Records provided Block Start

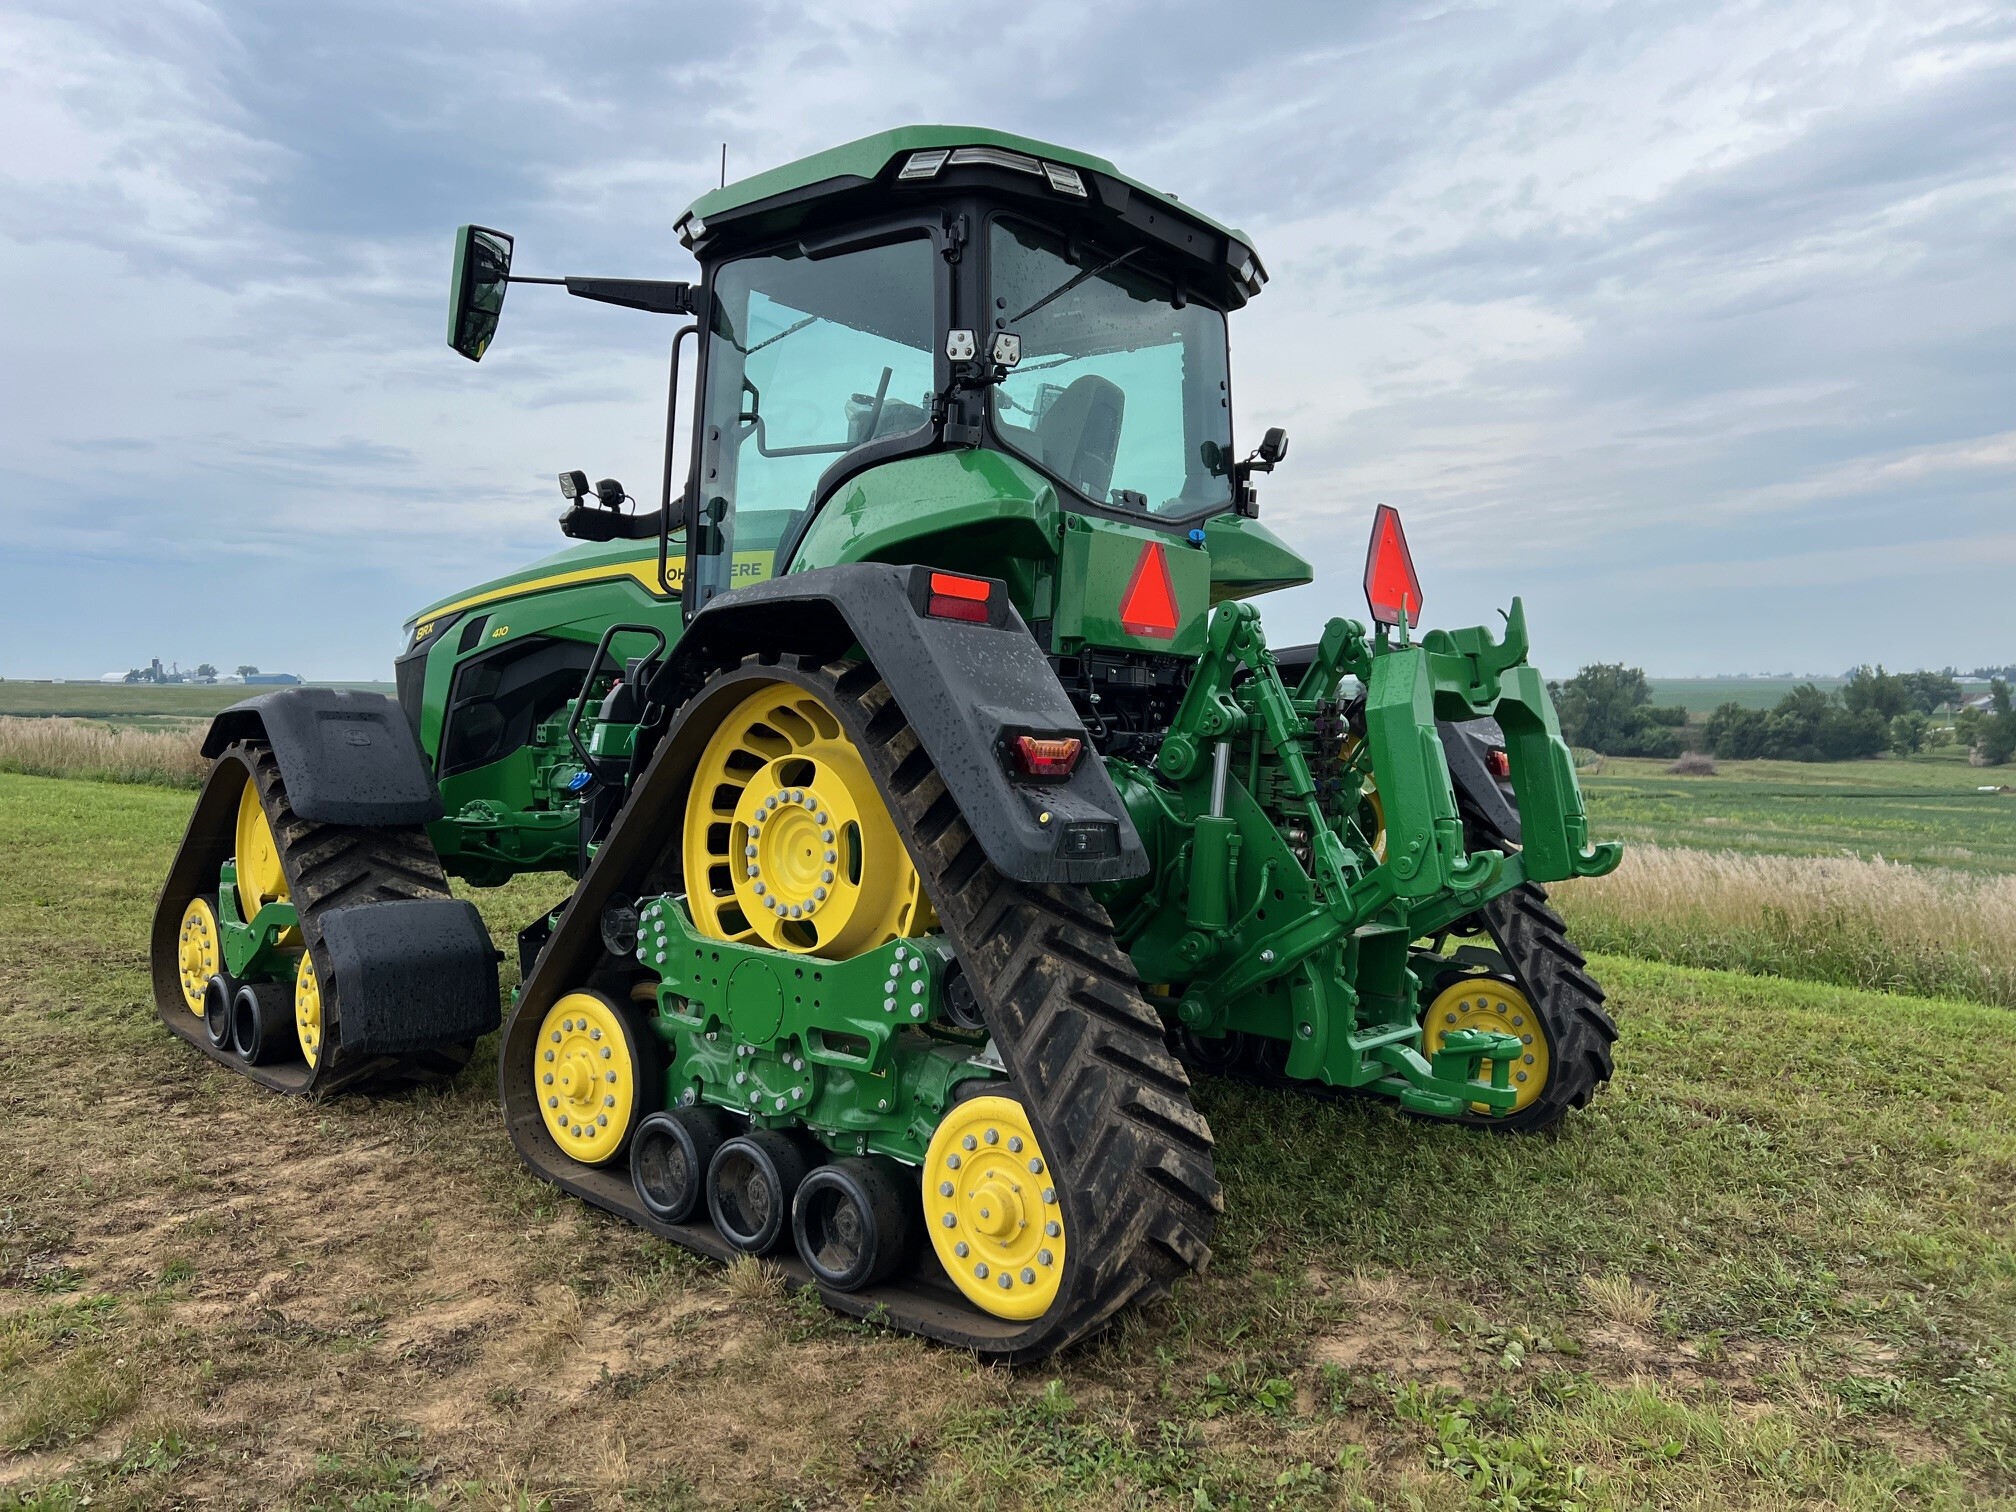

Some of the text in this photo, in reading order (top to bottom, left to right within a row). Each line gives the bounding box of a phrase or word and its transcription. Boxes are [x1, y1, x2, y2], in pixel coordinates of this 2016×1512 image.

[666, 562, 762, 581] OH ERE
[415, 622, 435, 641] 8RX
[491, 625, 509, 639] 410
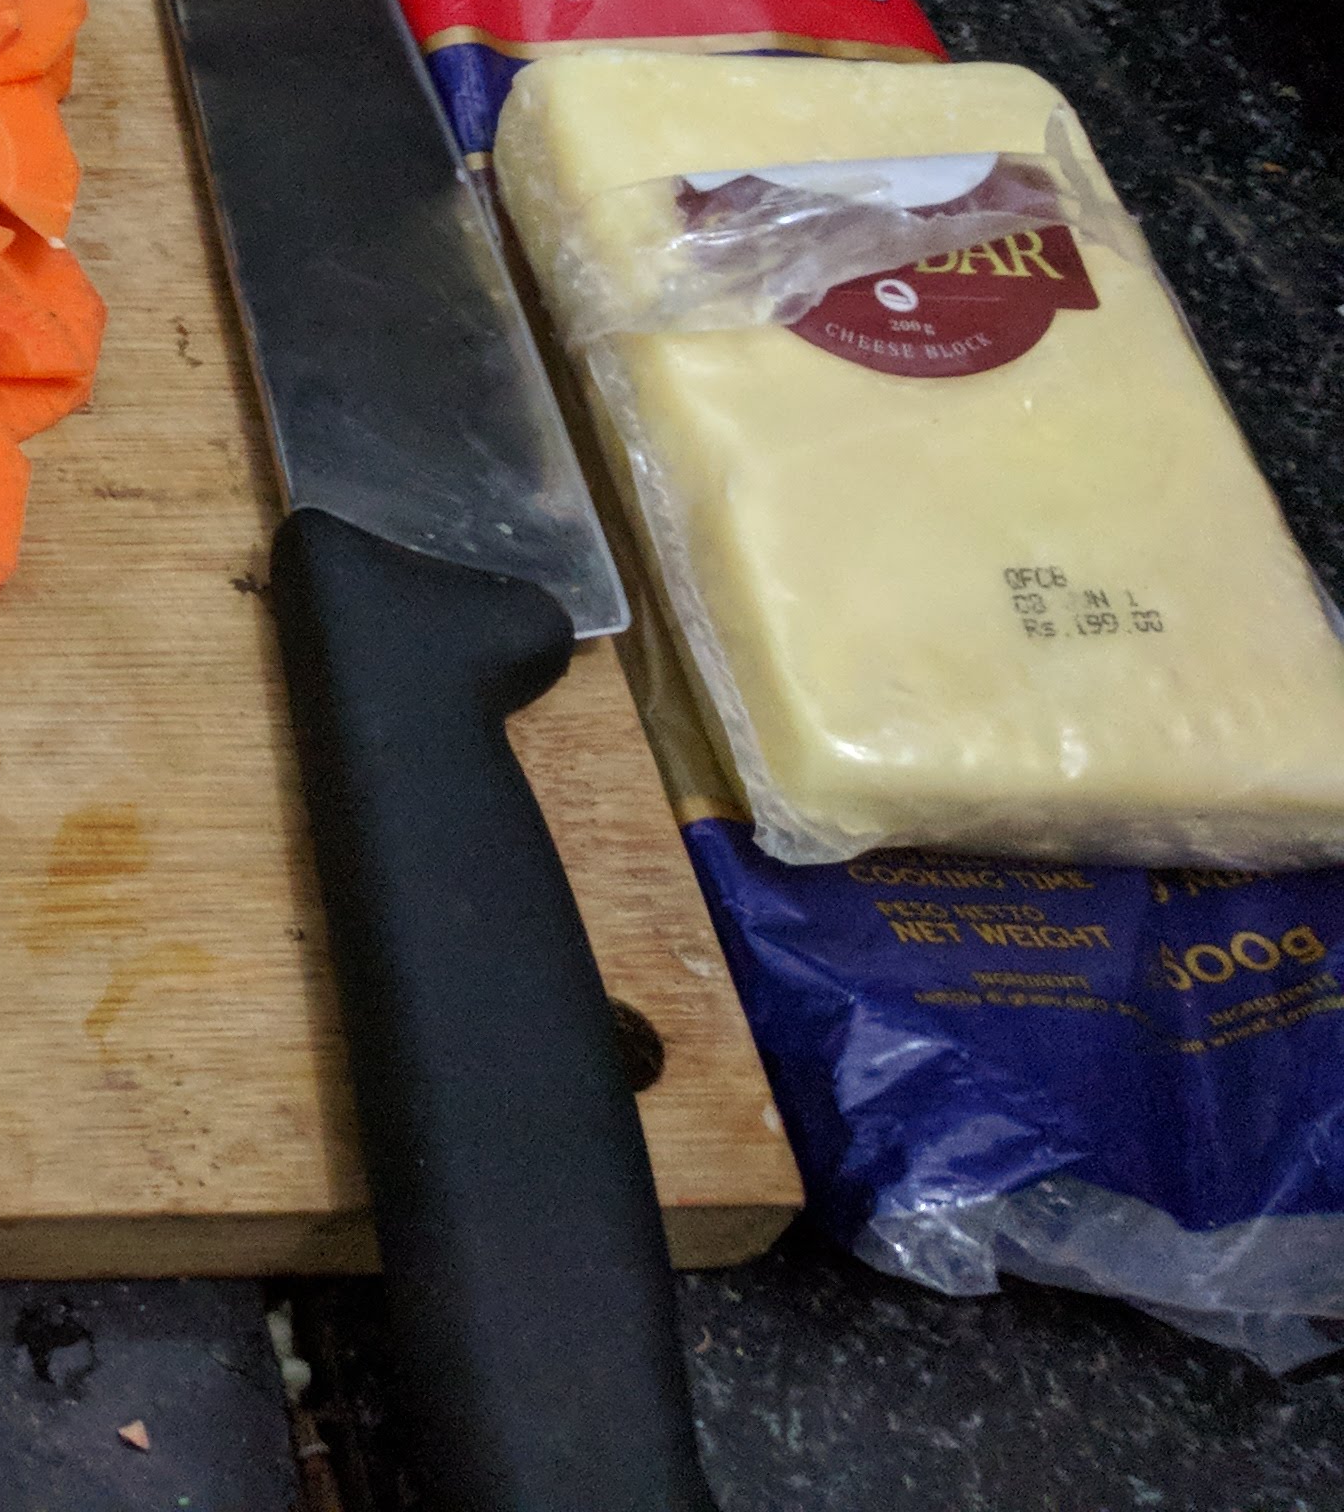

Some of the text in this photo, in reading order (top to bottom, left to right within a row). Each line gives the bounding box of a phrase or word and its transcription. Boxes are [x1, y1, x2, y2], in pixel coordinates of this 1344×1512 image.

[824, 321, 993, 361] CHEESE BLOCK
[847, 862, 1097, 891] COOKING TIME
[888, 920, 1111, 949] NET WEIGHT
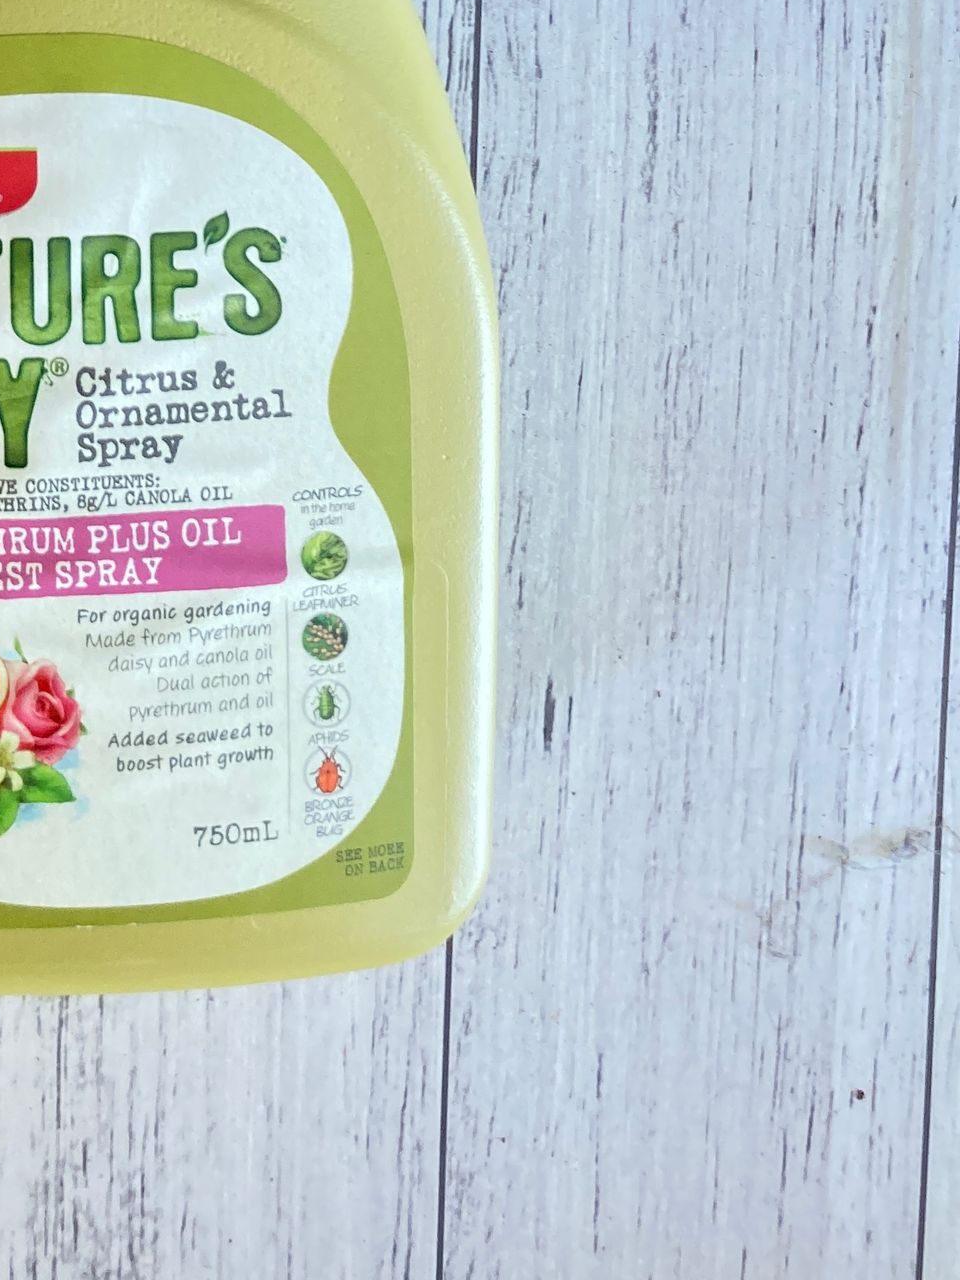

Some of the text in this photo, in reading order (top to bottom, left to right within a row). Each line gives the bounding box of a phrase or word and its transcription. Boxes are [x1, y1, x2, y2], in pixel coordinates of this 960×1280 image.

Records provided Block End

-- Try it --
Only the lines from the one with "this 1344×1512 image." through the end of the data, both ends included, should be written out exactly, and no pictures should appear.

-- Solution --
Some of the text in this photo, in reading order (top to bottom, left to right within a row). Each line gives the bounding box of a phrase or word and its transcription. Boxes are [x1, y1, x2, y2], in pixel coordinates of this 1344×1512 image.

[824, 321, 993, 361] CHEESE BLOCK
[847, 862, 1097, 891] COOKING TIME
[888, 920, 1111, 949] NET WEIGHT

Some of the text in this photo, in reading order (top to bottom, left to right within a row). Each line gives the bounding box of a phrase or word and its transcription. Boxes are [x1, y1, x2, y2], in pixel coordinates of this 960×1280 image.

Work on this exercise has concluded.